Allowed Under Current Regulations
Special premium reduction rules in ERISA Section 4006 say a DB plan is exempt from PBGC variable rate premiums in its final year, and that total PBGC premiums are prorated in the first year of new plans.
“ERISA section 4006 does not provide for reducing the premium obligation in either of the situations noted above (i.e., when a plan is exiting the DB system or when the plan year is less than 12 months).”
PBGC said it adopted the special premium reduction rules because “it seemed overly burdensome to charge the entire statutory premium in a year when either of these one-time events took place.” PBGC staff explained the special premium reduction rules in its response listed under the “Premiums” tab of the web page.
Applying the special rules results in much lower premiums, PBGC staff noted. However, with the spinoff strategy noted above, the benefits of the vast majority of the participants who were in the plan at the beginning of the year have not been fully funded or paid in full, and PBGC coverage is still in effect for these participants.
As a result, PBGC said, federal common law under ERISA and cases that look to the substance and not the form of a transaction suggest that this 2-step transaction, and similar ones, “should be disregarded and premiums assessed as if such transaction had not occurred.”
“We are especially skeptical of this strategy because it seems plausible that some plans could engage in this sort of two-step transaction year after year,” PBGC said in its interpretation.
Barrier to Strategy
One employment benefits law firm sounded a warning on the PBGC statement about 2-step spinoffs. “Even though it is not formal guidance from the PBGC, this interpretation will undoubtedly hamper those types of strategies going forward,” wrote Groom Law Group in a July 26 client bulletin.
“It is not yet clear whether PBGC will undertake an enforcement initiative in this area or propose a change in its regulations.
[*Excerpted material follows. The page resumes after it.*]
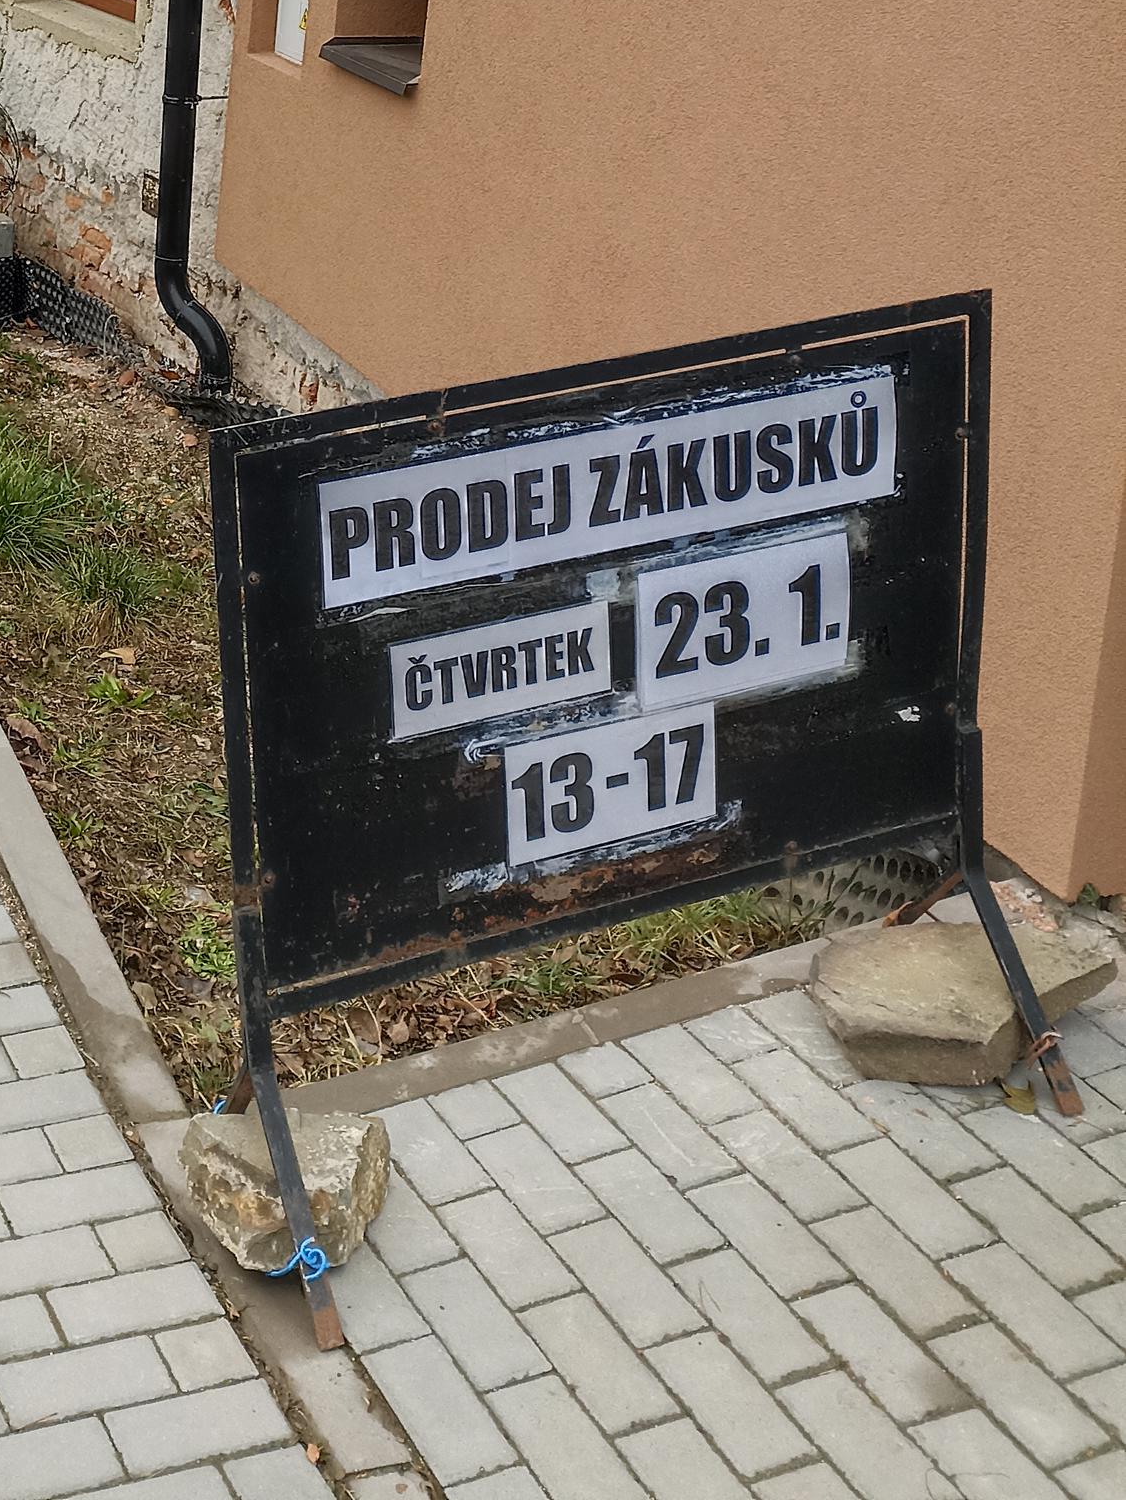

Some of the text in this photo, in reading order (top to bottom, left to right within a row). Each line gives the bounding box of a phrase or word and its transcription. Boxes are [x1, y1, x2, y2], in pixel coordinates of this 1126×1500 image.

[329, 391, 879, 581] PRODEJ ZÁKUSKŮ
[404, 563, 841, 712] ČTVRTEK 23. 1.
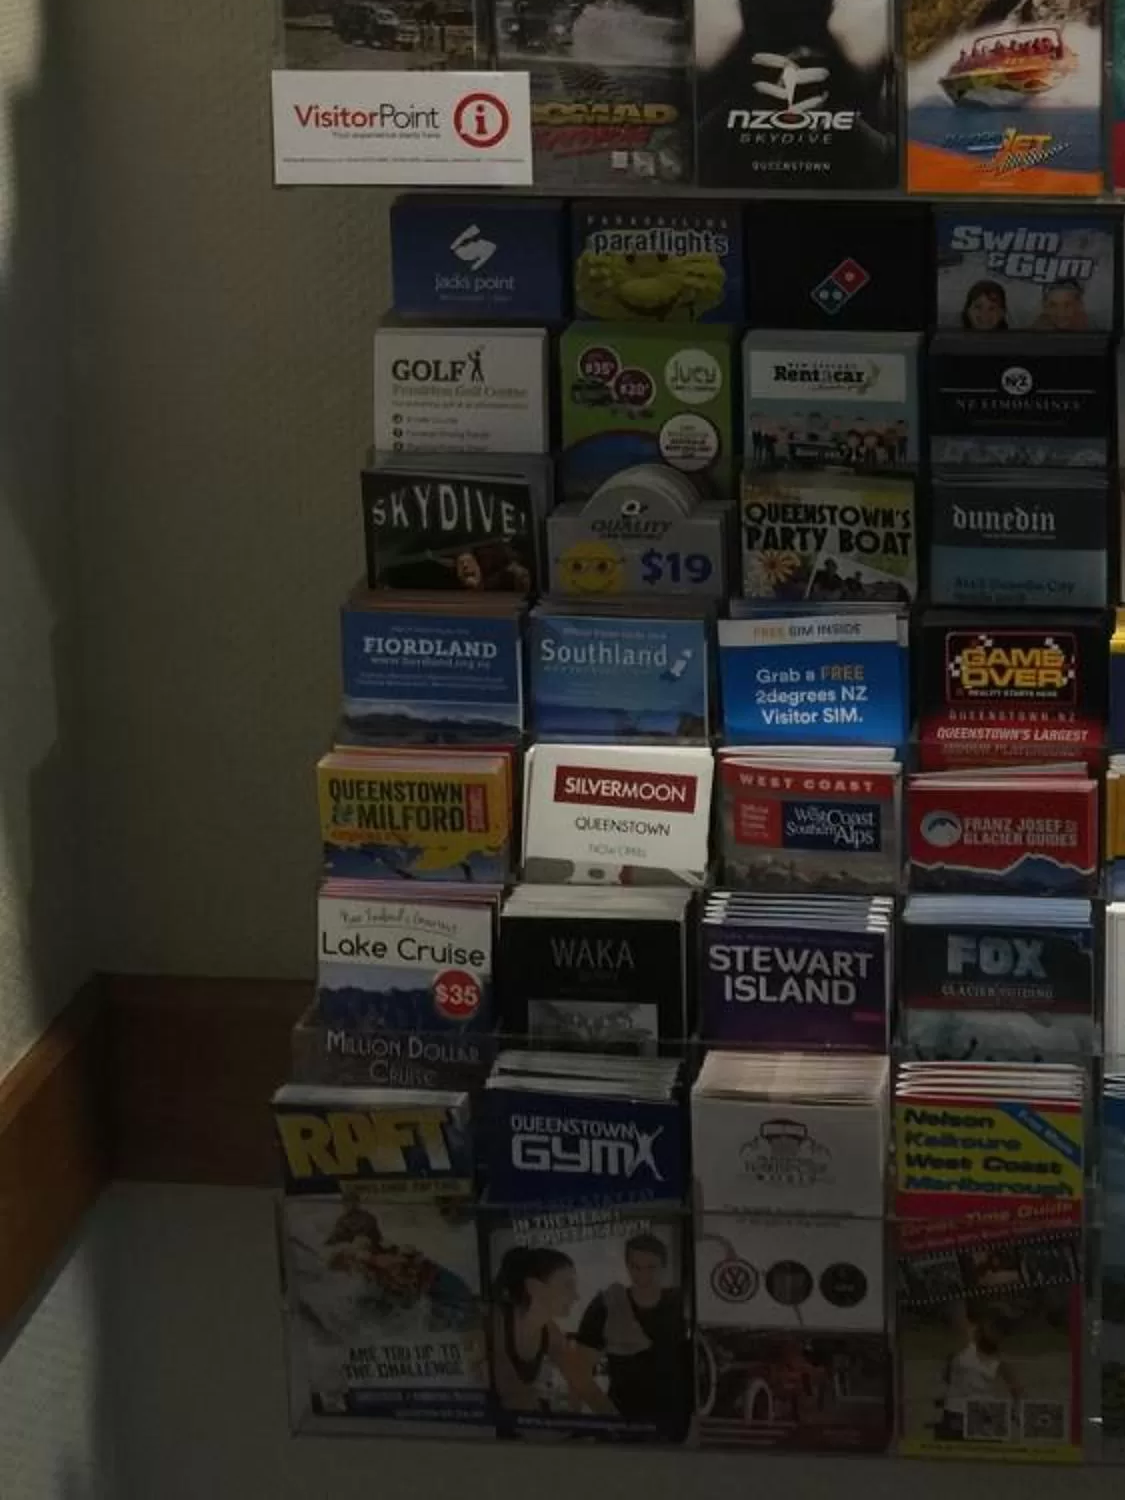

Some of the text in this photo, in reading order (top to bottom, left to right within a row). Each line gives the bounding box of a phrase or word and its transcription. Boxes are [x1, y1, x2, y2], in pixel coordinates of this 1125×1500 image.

In the meantime, plan sponsors actively engaged (or previously engaged) in this or similar transactions should understand the risks and evaluate their next steps,” the law firm said.
The questions, responses, and examples on the PBGC web page also cover issues such as bankruptcy claims, liens arising from large missed contributions, guaranteed benefits, distress terminations, and reportable events, among other topics.